Free-text object descriptions
⟨

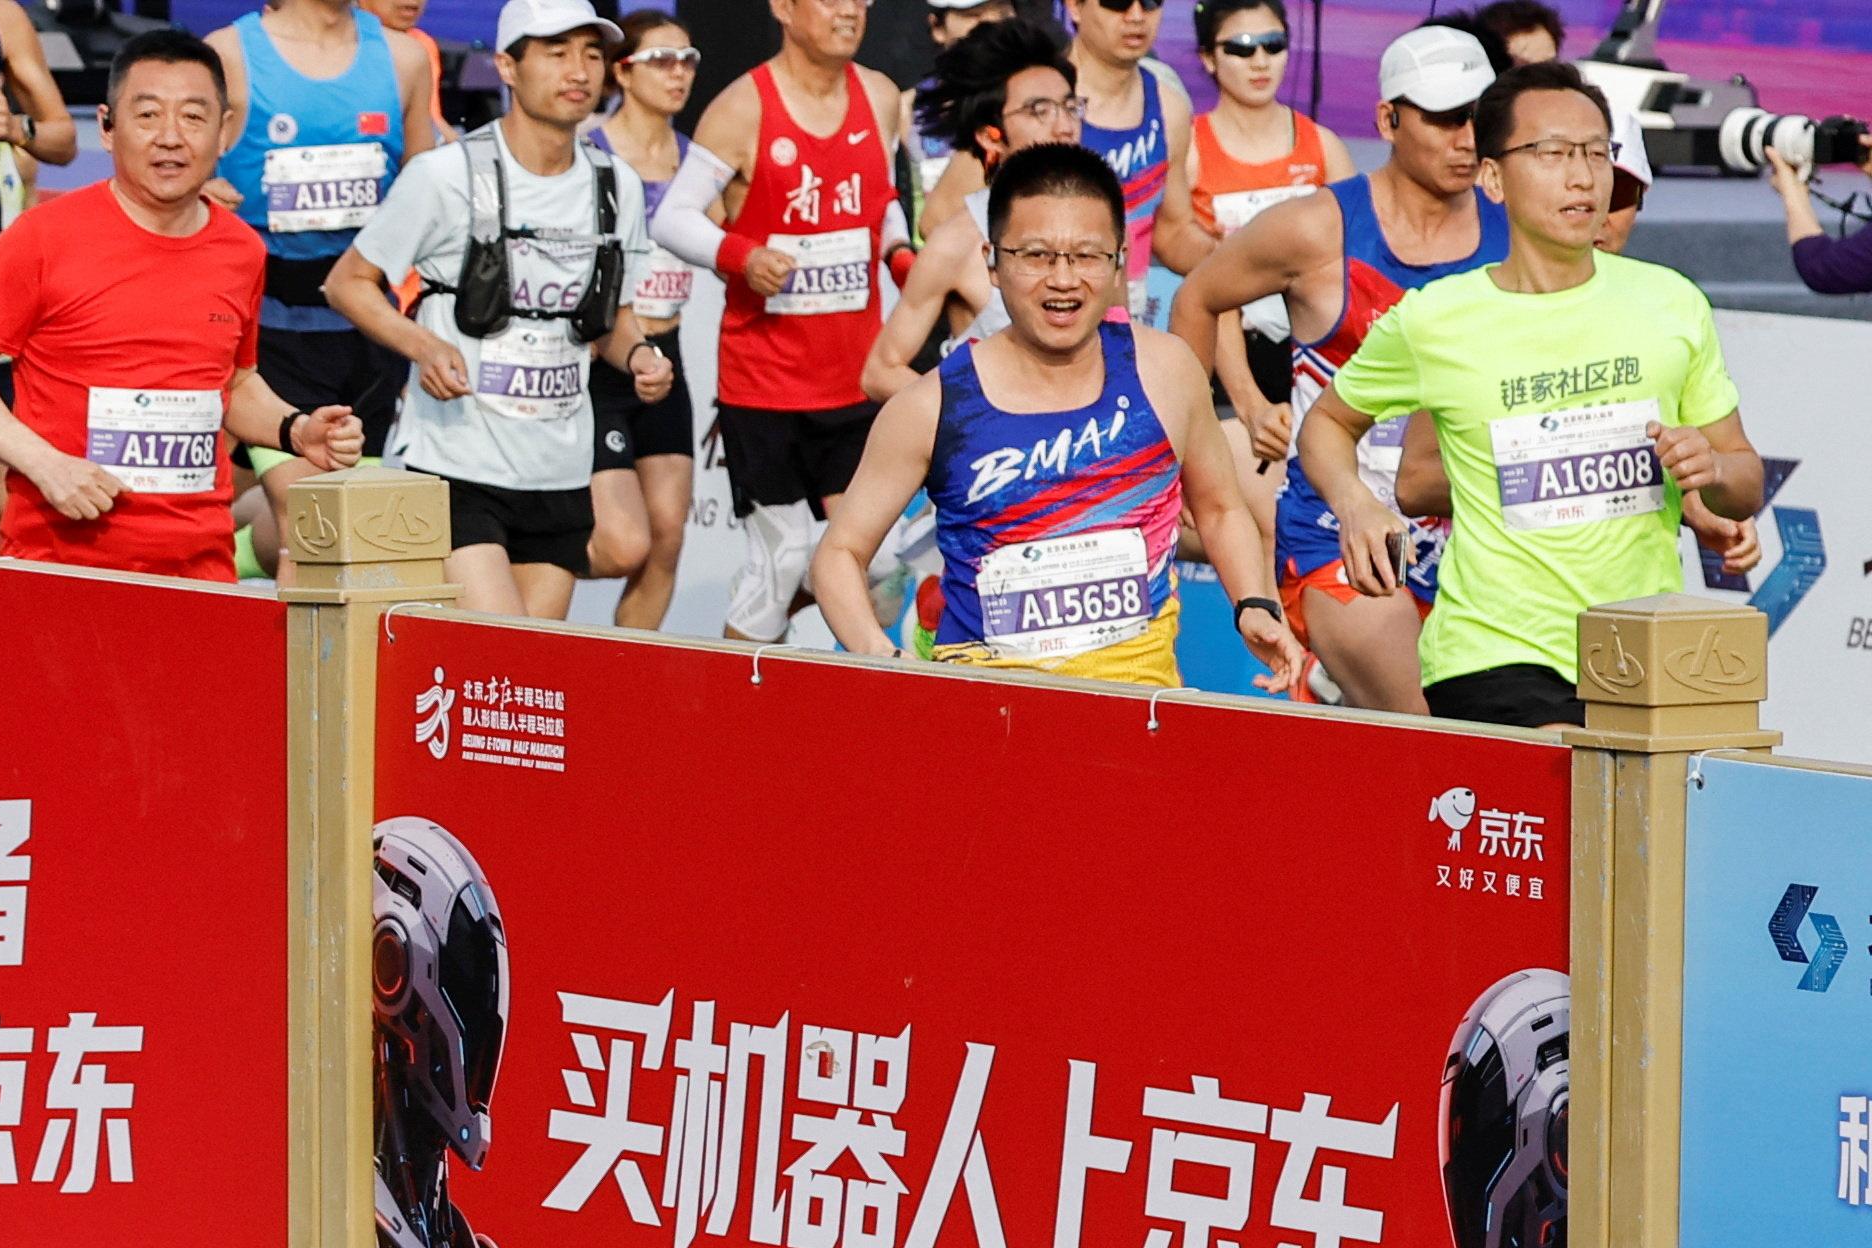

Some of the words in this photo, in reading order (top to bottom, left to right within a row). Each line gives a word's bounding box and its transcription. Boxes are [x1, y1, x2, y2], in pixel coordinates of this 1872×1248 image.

[295, 179, 378, 209] A11568
[791, 263, 868, 293] A16335
[1500, 355, 1643, 412] 链家社区跑
[121, 433, 215, 466] A17768
[1539, 449, 1654, 498] A16608
[1022, 579, 1142, 630] A15658
[1479, 808, 1545, 862] 京东
[1436, 864, 1544, 900] 又好又便宜

⟩

_EXERCISE AIM_. I'd like the records above given again exactly, please, without the pictures.

_SOLUTION TO THIS EXERCISE_.
Some of the words in this photo, in reading order (top to bottom, left to right within a row). Each line gives a word's bounding box and its transcription. Boxes are [x1, y1, x2, y2], in pixel coordinates of this 1872×1248 image.

[295, 179, 378, 209] A11568
[791, 263, 868, 293] A16335
[1500, 355, 1643, 412] 链家社区跑
[121, 433, 215, 466] A17768
[1539, 449, 1654, 498] A16608
[1022, 579, 1142, 630] A15658
[1479, 808, 1545, 862] 京东
[1436, 864, 1544, 900] 又好又便宜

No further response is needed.